„Mit Papier und anderm getreulich umbzugehen.“ Ein Streifzug durch 1000 Jahre Thüringer Geschichte

Neue Publikation des Staatsarchivs Gotha

Das Thüringische Staatsarchiv Gotha wird im Jahr 2015 nach über 350 Jahren im Schloß Friedenstein in das neue Archivdomizil Perthes-Forum umziehen. Dieser Umzug, der von Bund und Land mit 18 Mio. € Baumitteln für das Gesamtvorhaben ermöglicht wurde, war dringend notwendig, da die Klima- und Arbeitsbedingungen im Schloß der Bestandserhaltung höchst abträglich waren.
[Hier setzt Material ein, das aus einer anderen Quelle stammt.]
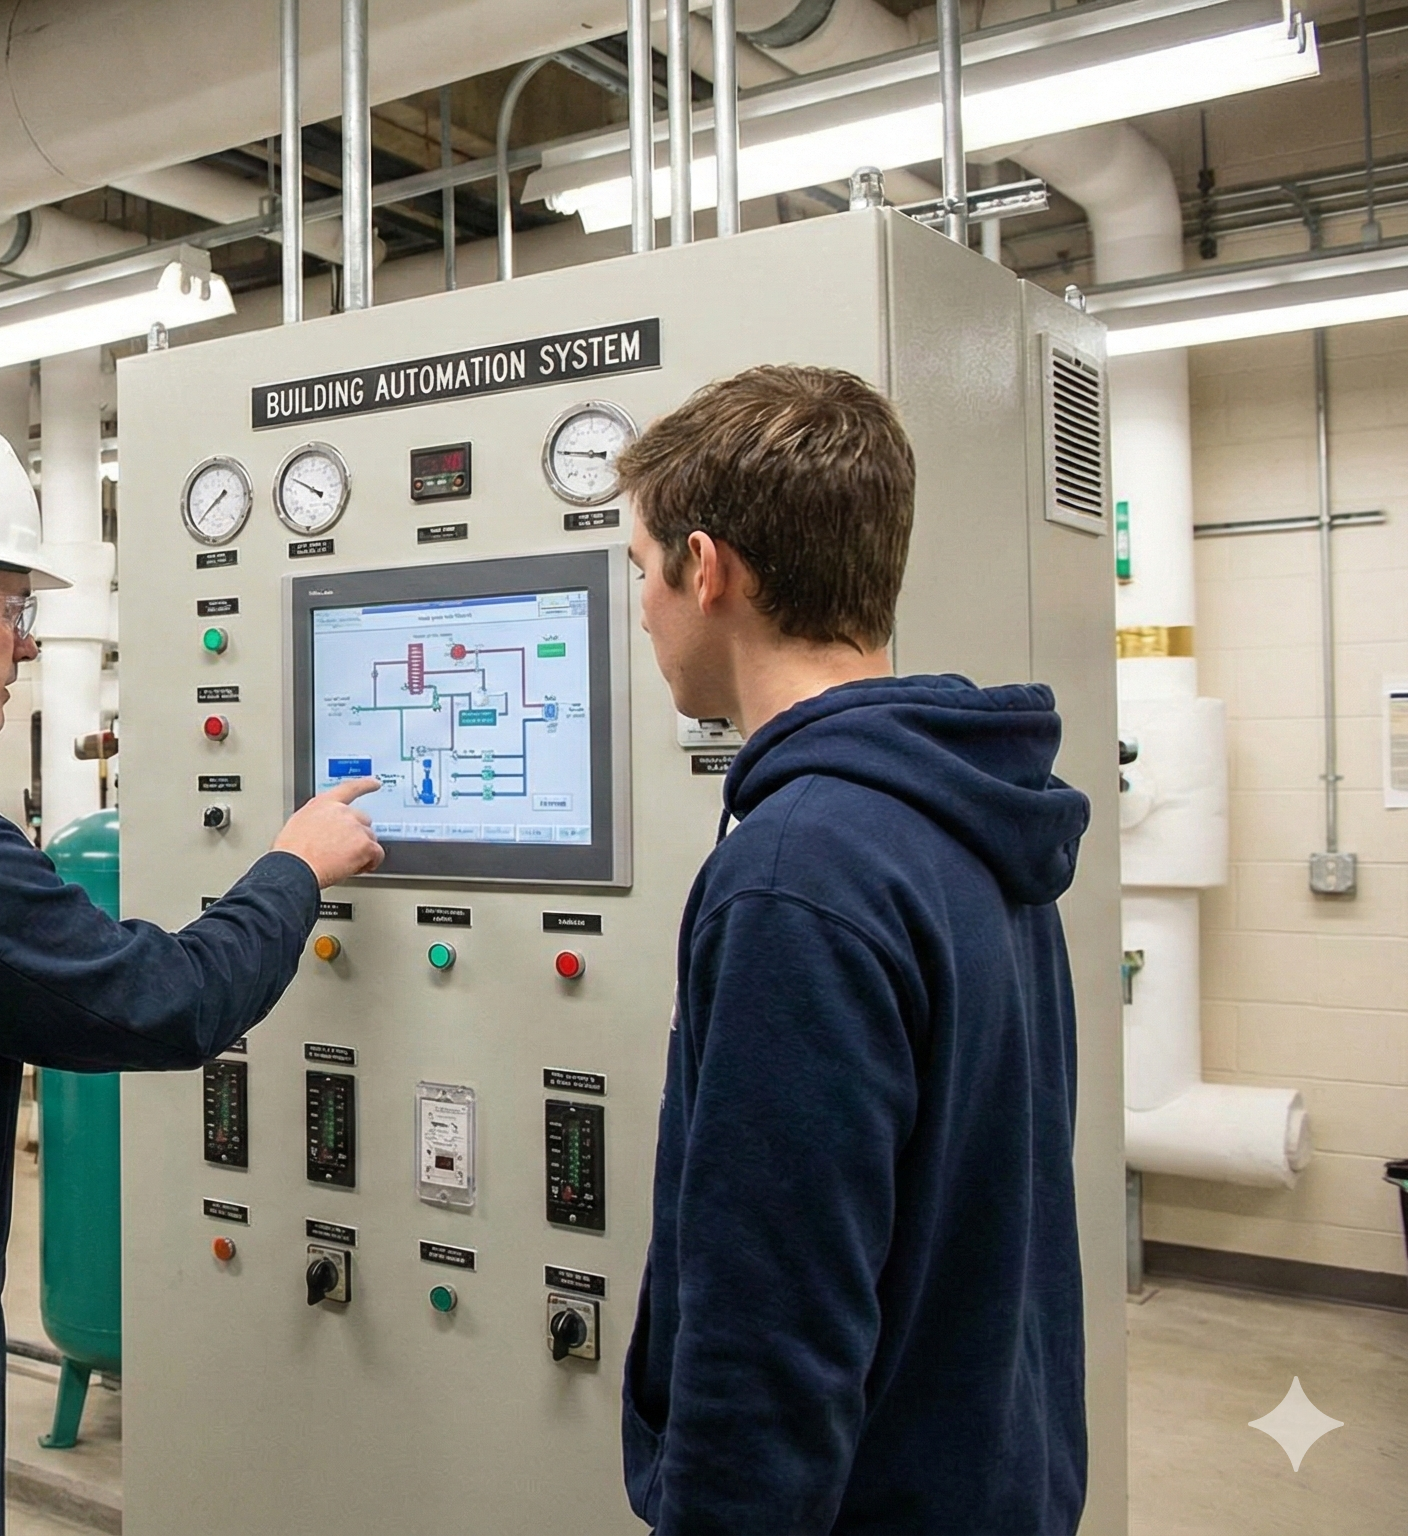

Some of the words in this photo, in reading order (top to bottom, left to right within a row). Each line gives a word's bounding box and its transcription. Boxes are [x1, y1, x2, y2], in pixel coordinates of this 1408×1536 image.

Schon allein die Höhe der Bausumme bezeugt, wie hoch der kulturelle und geschichtliche Wert der Gothaer Sammlungen eingestuft werden.

Buch

Der Ursprung des Archivs in Gotha ist eng verbunden mit der 1640/1641 erfolgten Gründung des Herzogtums Gotha. Nach Übernahme der Urkunden, u.a. für die Klöster Reinhardsbrunn, Georgenthal und Ichtershausen, von Amtsbüchern und Akten für das Gebiet des neuen Herzogtums wurde in Gotha das Archivgewölbe in Schloß Friedenstein erbaut. Bereits in den Bauplänen von 1643 war dieses Archivgewölbe vorgesehen, das dann zwischen 1646 und 1649 bezogen werden konnte. Der Herzog überwachte persönlich dessen Einrichtung. Mit der Gründung des Herzogtums Gotha errichtete Ernst der Fromme einen protestantischen Musterstaat, der für seine Staatsreform, aber auch für seine Schulen und Bildungsstätten berühmt war und zum Vorbild für die Reformen protestantischer Staaten, z.B. Preußens unter Friedrich Wilhelm I. wurde.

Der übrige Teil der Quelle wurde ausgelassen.